## The records
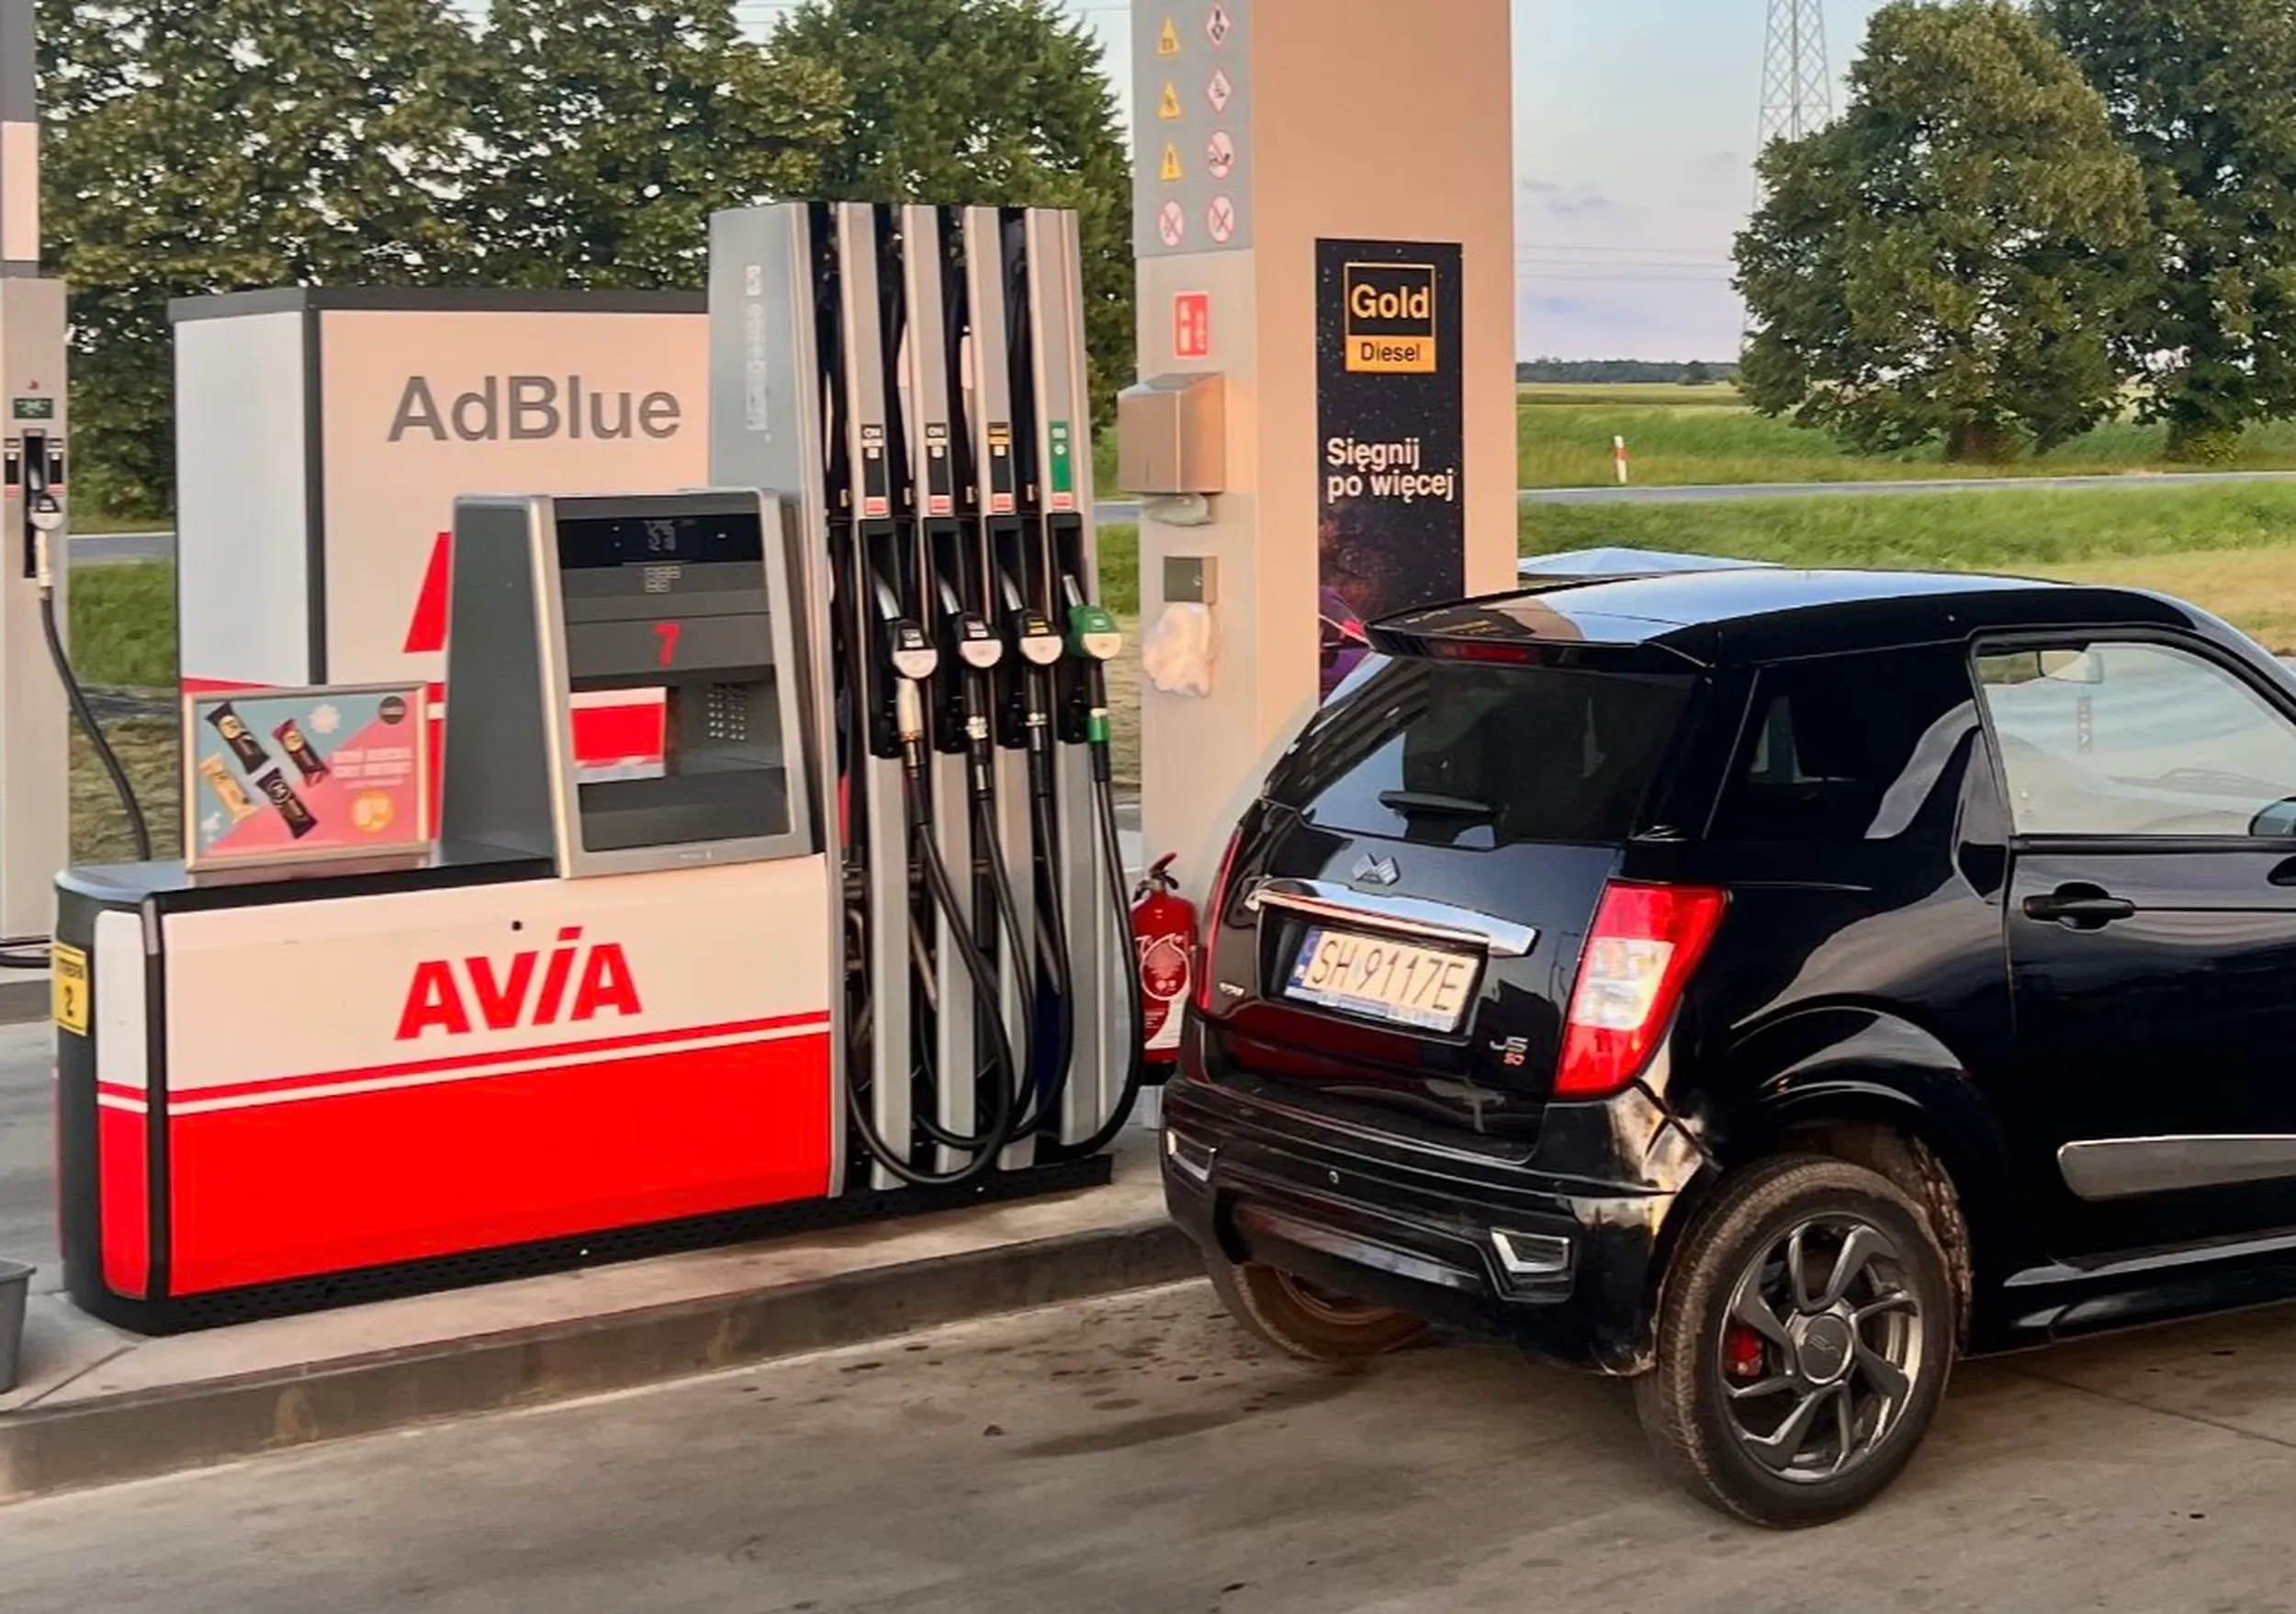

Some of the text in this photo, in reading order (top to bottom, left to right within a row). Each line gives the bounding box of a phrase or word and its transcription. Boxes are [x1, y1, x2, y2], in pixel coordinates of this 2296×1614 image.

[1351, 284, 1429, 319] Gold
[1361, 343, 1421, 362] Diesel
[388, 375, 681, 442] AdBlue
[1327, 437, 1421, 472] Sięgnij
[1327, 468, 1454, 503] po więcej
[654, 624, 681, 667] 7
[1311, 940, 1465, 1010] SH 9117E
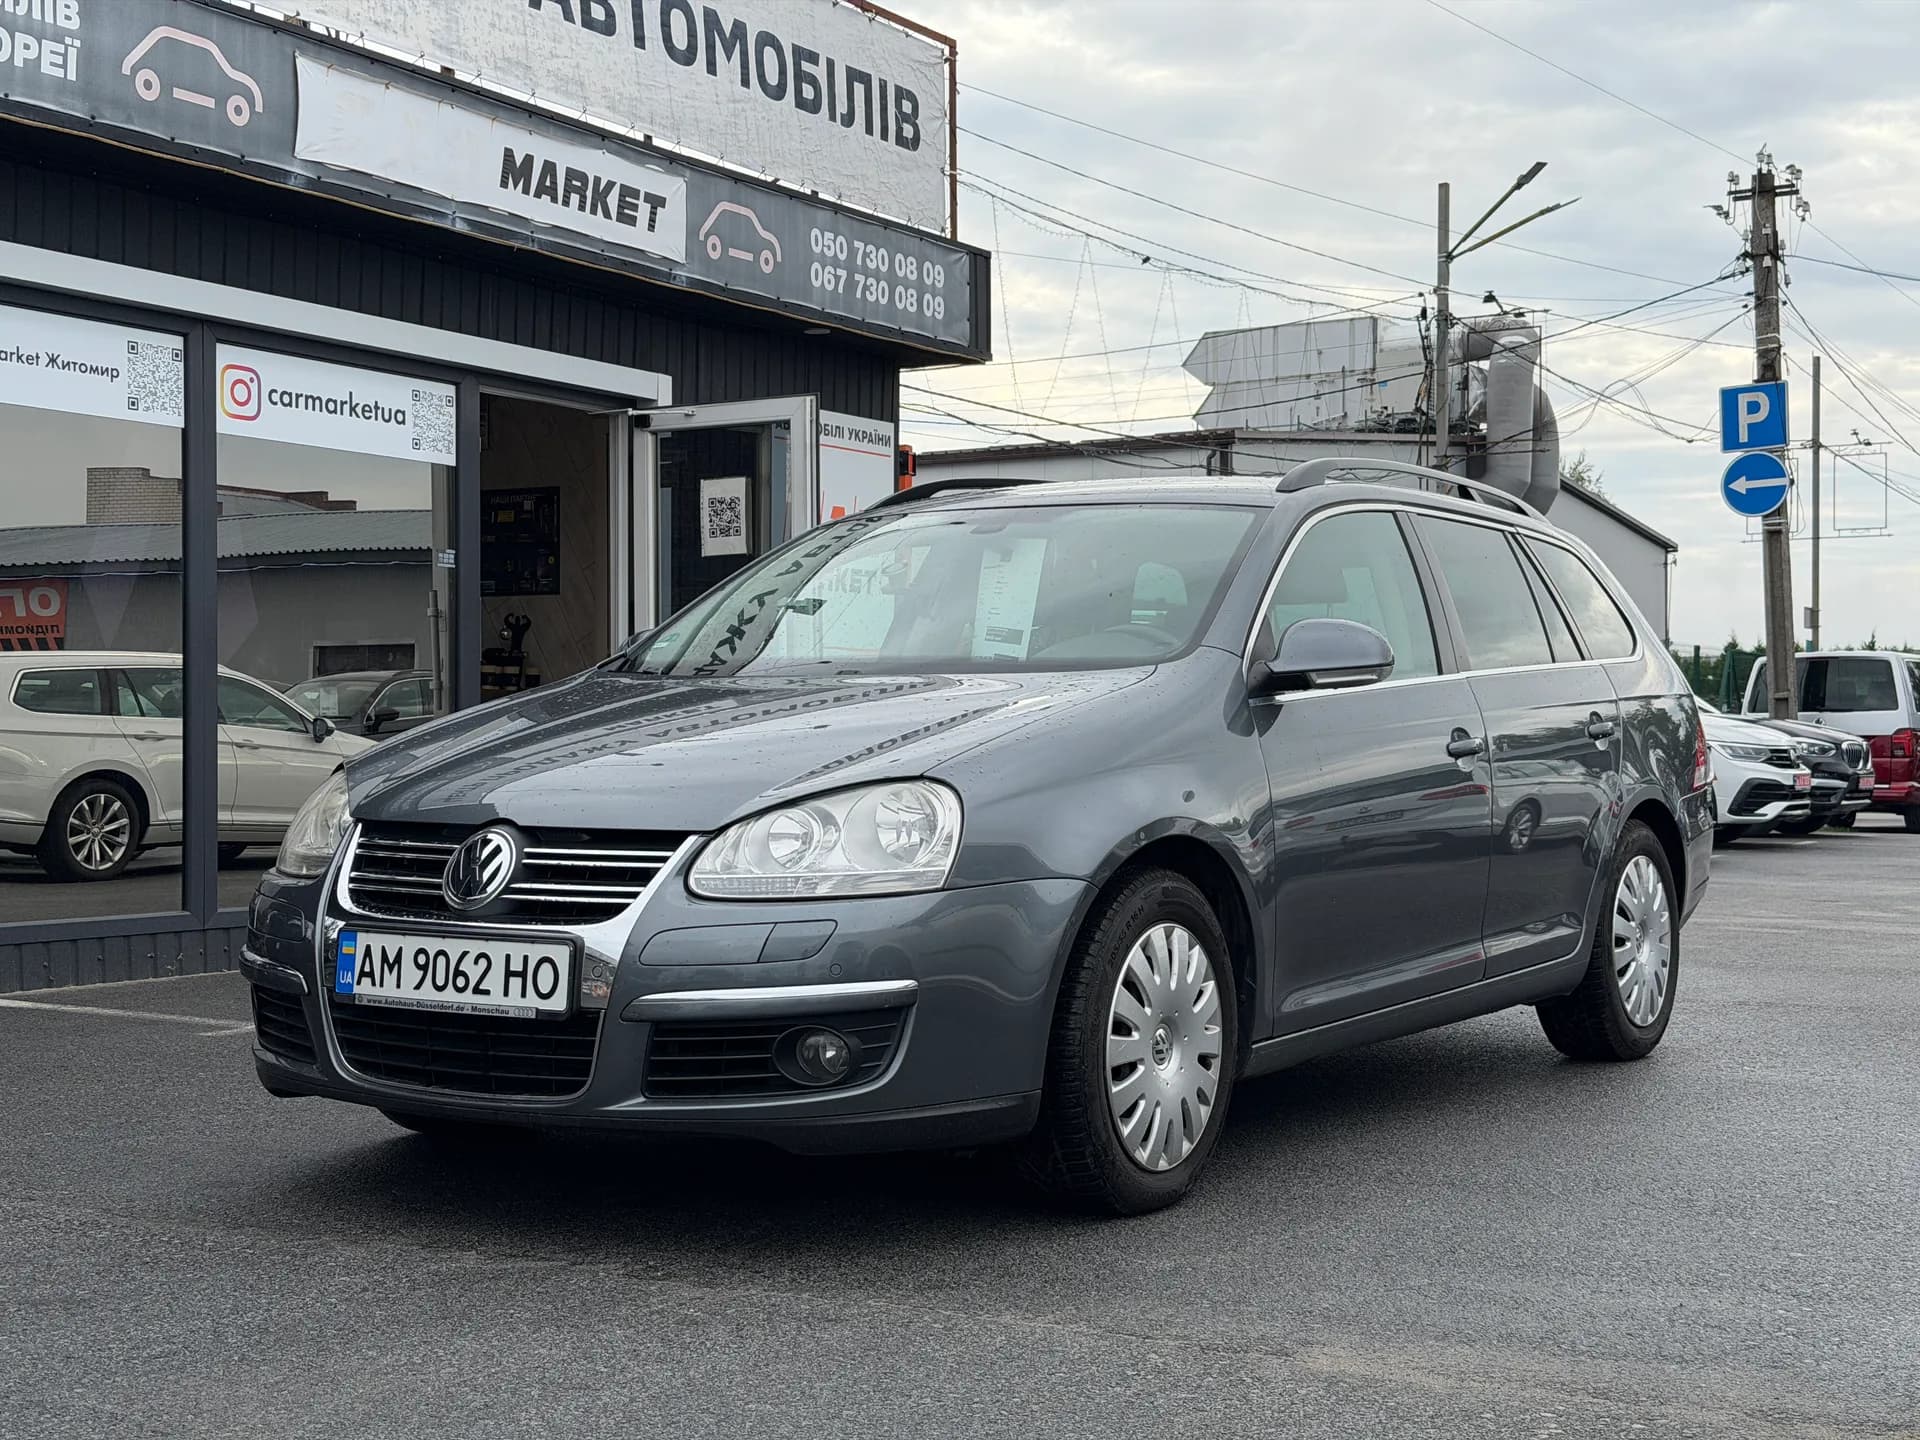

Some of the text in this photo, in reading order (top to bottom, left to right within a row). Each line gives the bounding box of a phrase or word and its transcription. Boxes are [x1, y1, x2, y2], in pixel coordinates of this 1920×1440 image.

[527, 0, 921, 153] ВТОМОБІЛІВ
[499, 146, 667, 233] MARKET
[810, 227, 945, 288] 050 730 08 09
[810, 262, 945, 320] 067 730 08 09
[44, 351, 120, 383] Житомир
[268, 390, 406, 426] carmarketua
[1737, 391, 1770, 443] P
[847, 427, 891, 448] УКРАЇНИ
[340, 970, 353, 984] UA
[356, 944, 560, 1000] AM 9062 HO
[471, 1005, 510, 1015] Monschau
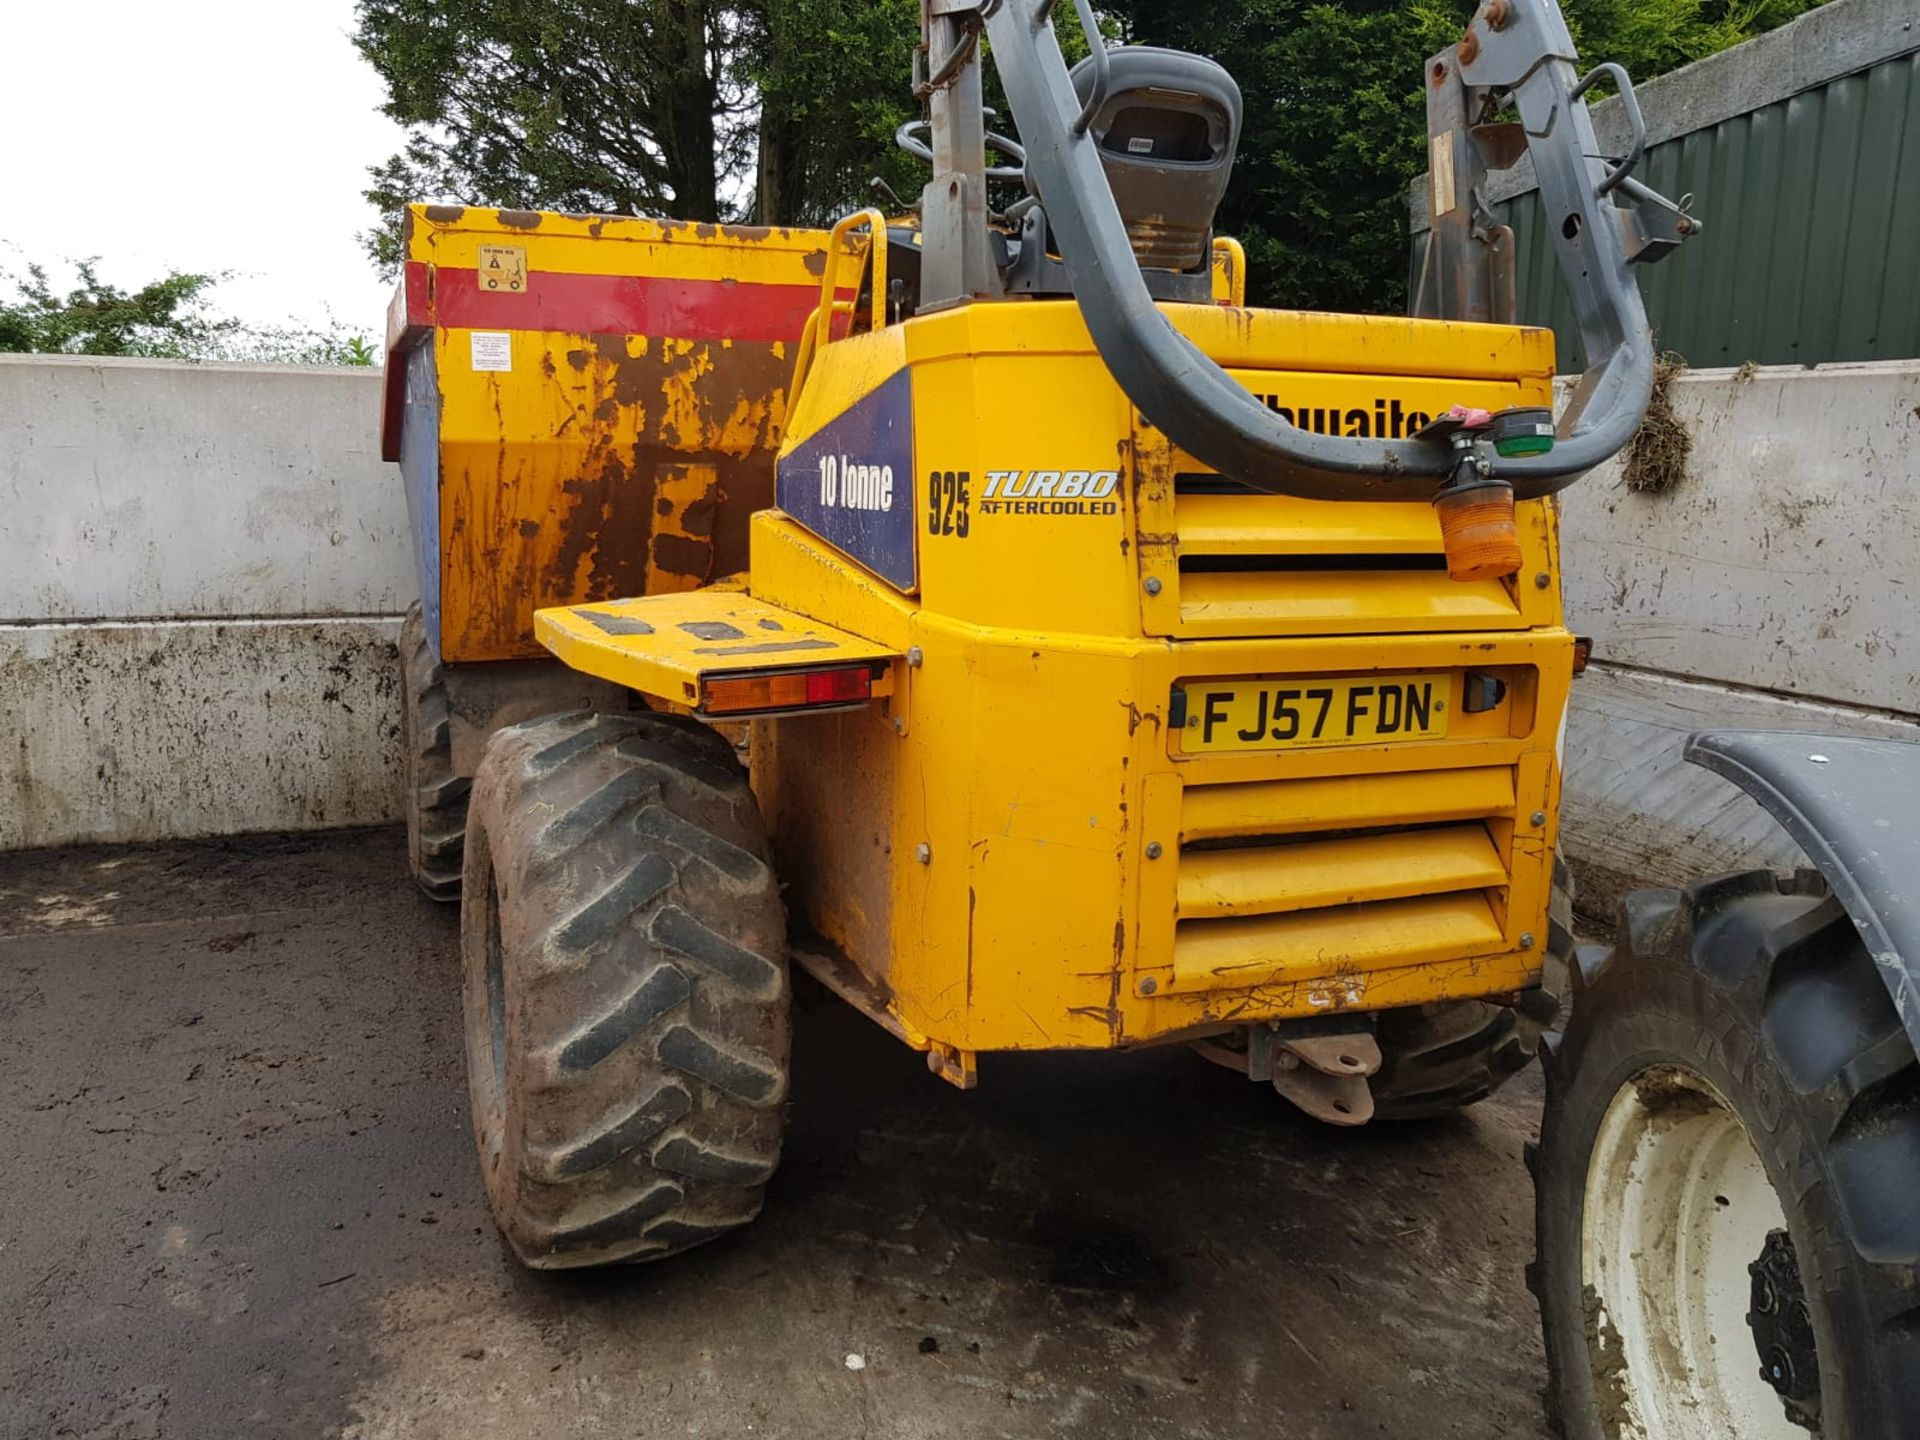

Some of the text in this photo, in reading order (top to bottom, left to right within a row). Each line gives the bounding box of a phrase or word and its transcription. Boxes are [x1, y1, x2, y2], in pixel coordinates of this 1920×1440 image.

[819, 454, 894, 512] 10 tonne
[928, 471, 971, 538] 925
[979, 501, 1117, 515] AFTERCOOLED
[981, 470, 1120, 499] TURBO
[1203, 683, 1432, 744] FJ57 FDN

## Exercise details
Reproduce the data above in full, exactly, with the images removed.

## Finished task
Some of the text in this photo, in reading order (top to bottom, left to right within a row). Each line gives the bounding box of a phrase or word and its transcription. Boxes are [x1, y1, x2, y2], in pixel coordinates of this 2296×1614 image.

[1351, 284, 1429, 319] Gold
[1361, 343, 1421, 362] Diesel
[388, 375, 681, 442] AdBlue
[1327, 437, 1421, 472] Sięgnij
[1327, 468, 1454, 503] po więcej
[654, 624, 681, 667] 7
[1311, 940, 1465, 1010] SH 9117E

Some of the text in this photo, in reading order (top to bottom, left to right within a row). Each line gives the bounding box of a phrase or word and its transcription. Boxes are [x1, y1, x2, y2], in pixel coordinates of this 1920×1440 image.

[527, 0, 921, 153] ВТОМОБІЛІВ
[499, 146, 667, 233] MARKET
[810, 227, 945, 288] 050 730 08 09
[810, 262, 945, 320] 067 730 08 09
[44, 351, 120, 383] Житомир
[268, 390, 406, 426] carmarketua
[1737, 391, 1770, 443] P
[847, 427, 891, 448] УКРАЇНИ
[340, 970, 353, 984] UA
[356, 944, 560, 1000] AM 9062 HO
[471, 1005, 510, 1015] Monschau

Some of the text in this photo, in reading order (top to bottom, left to right within a row). Each line gives the bounding box of a phrase or word and its transcription. Boxes are [x1, y1, x2, y2], in pixel coordinates of this 1920×1440 image.

[819, 454, 894, 512] 10 tonne
[928, 471, 971, 538] 925
[979, 501, 1117, 515] AFTERCOOLED
[981, 470, 1120, 499] TURBO
[1203, 683, 1432, 744] FJ57 FDN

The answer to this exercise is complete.